- REQUIRED ACTION -
Reproduction without pictures: print every entry precisely as written.

Start of DATASET CONTENT

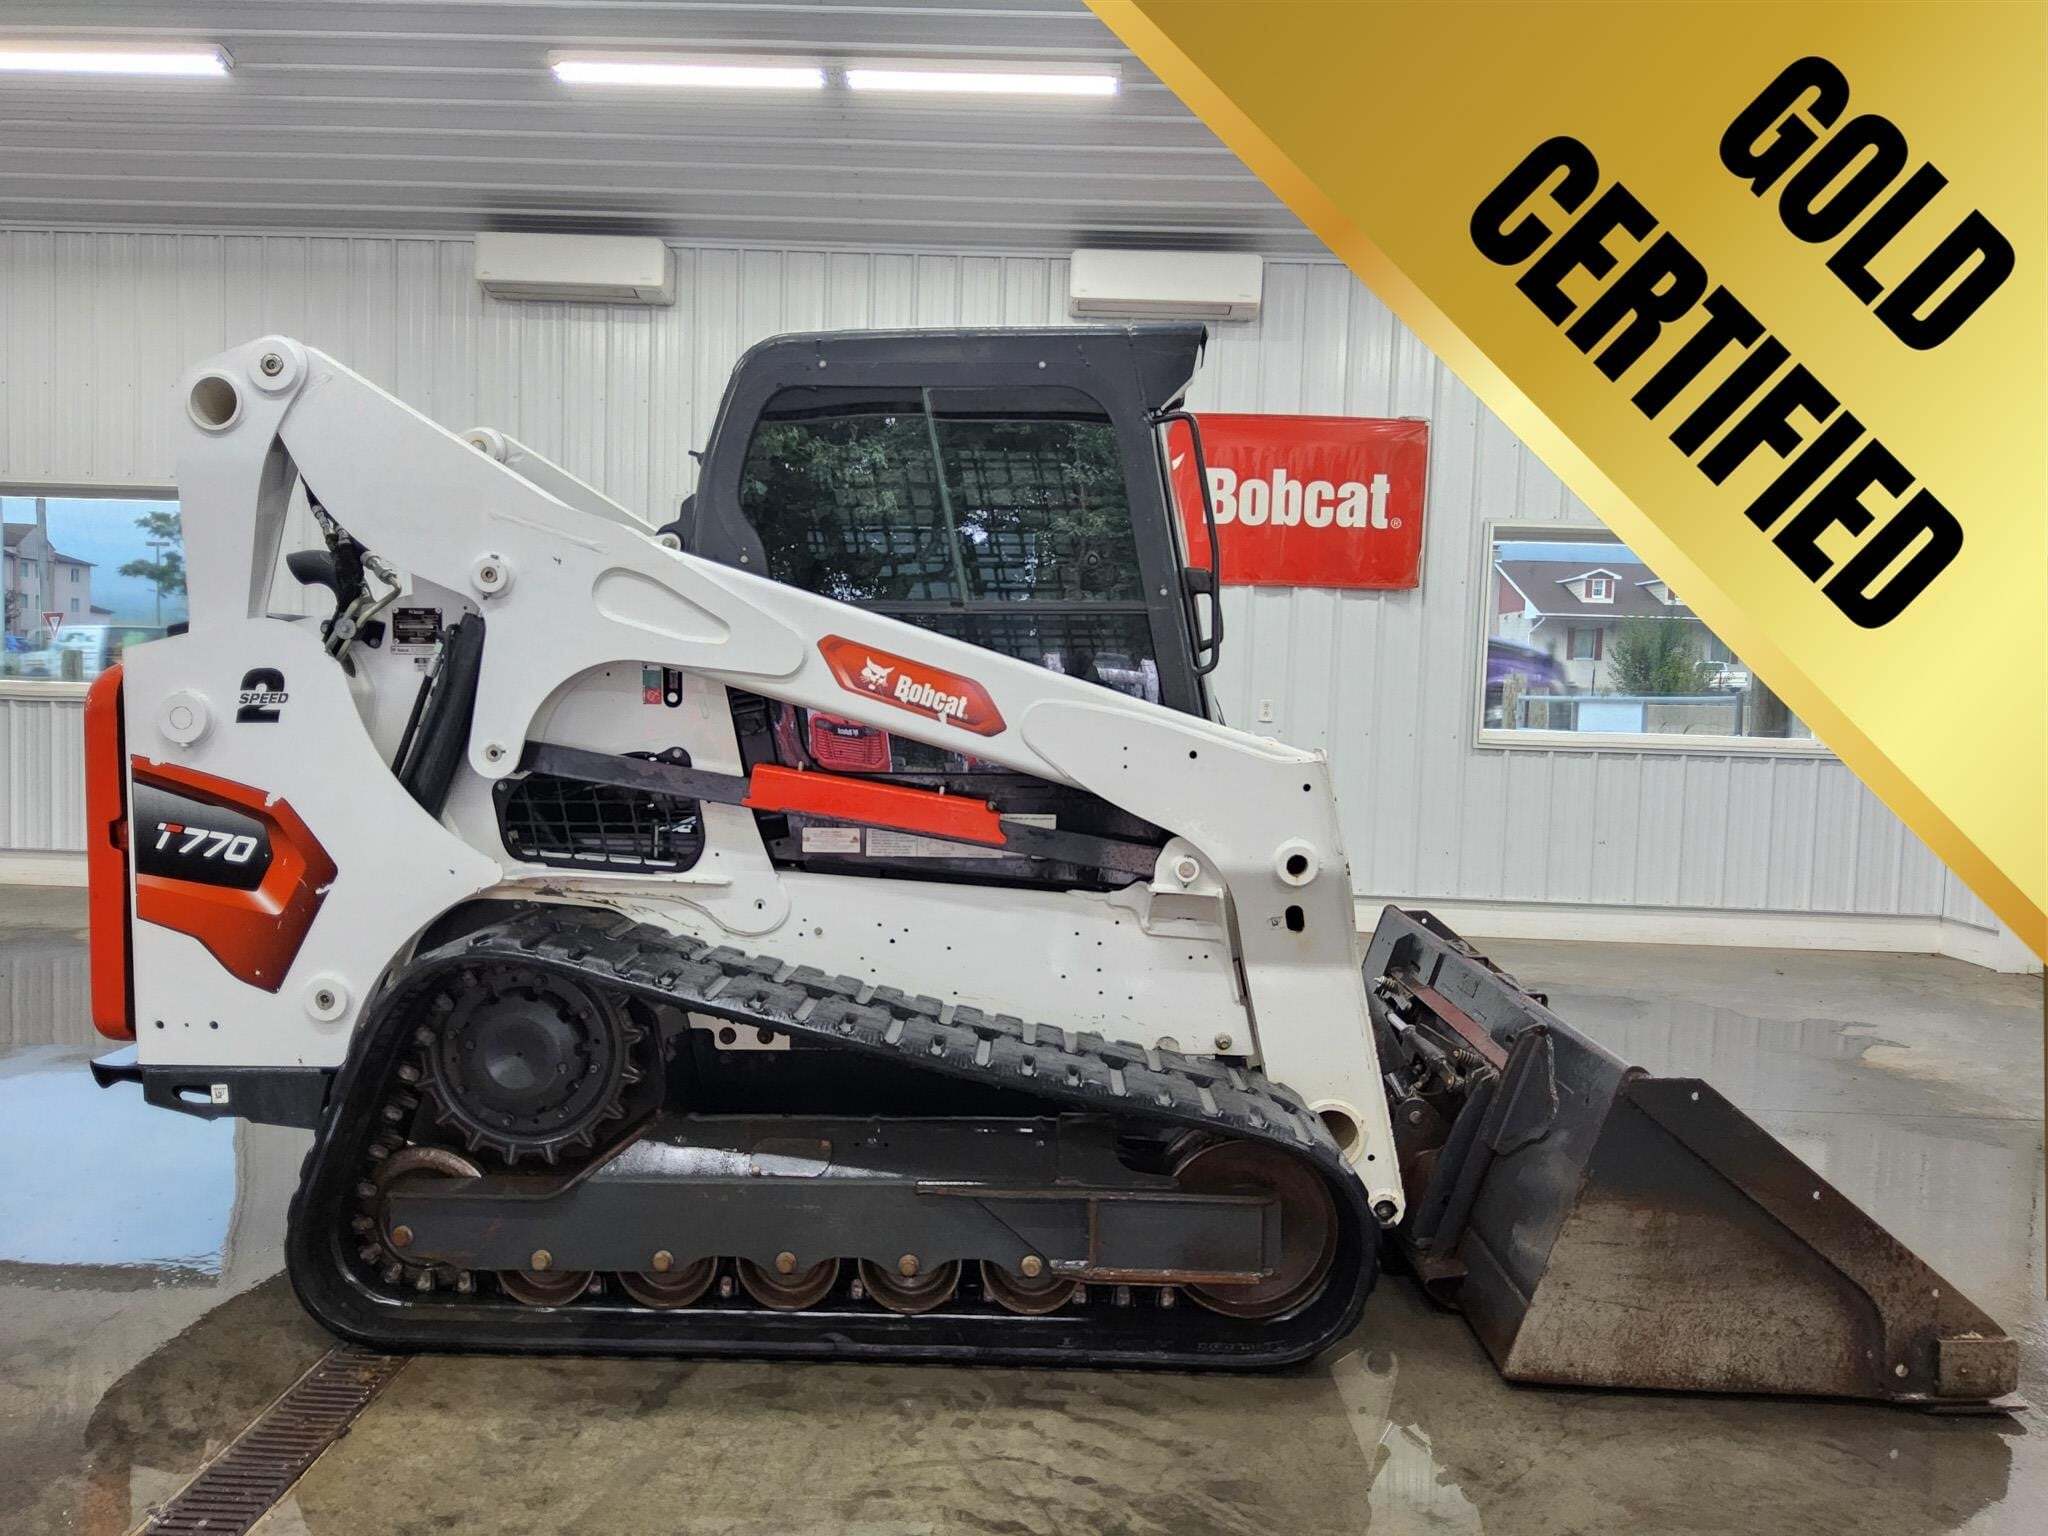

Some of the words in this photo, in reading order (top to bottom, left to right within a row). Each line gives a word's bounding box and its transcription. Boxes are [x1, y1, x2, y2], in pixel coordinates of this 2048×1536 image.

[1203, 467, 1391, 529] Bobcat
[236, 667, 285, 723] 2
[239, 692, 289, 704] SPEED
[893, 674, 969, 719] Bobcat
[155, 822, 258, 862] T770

End of DATASET CONTENT

- SOLUTION -
Some of the words in this photo, in reading order (top to bottom, left to right within a row). Each line gives a word's bounding box and its transcription. Boxes are [x1, y1, x2, y2], in pixel coordinates of this 2048×1536 image.

[1203, 467, 1391, 529] Bobcat
[236, 667, 285, 723] 2
[239, 692, 289, 704] SPEED
[893, 674, 969, 719] Bobcat
[155, 822, 258, 862] T770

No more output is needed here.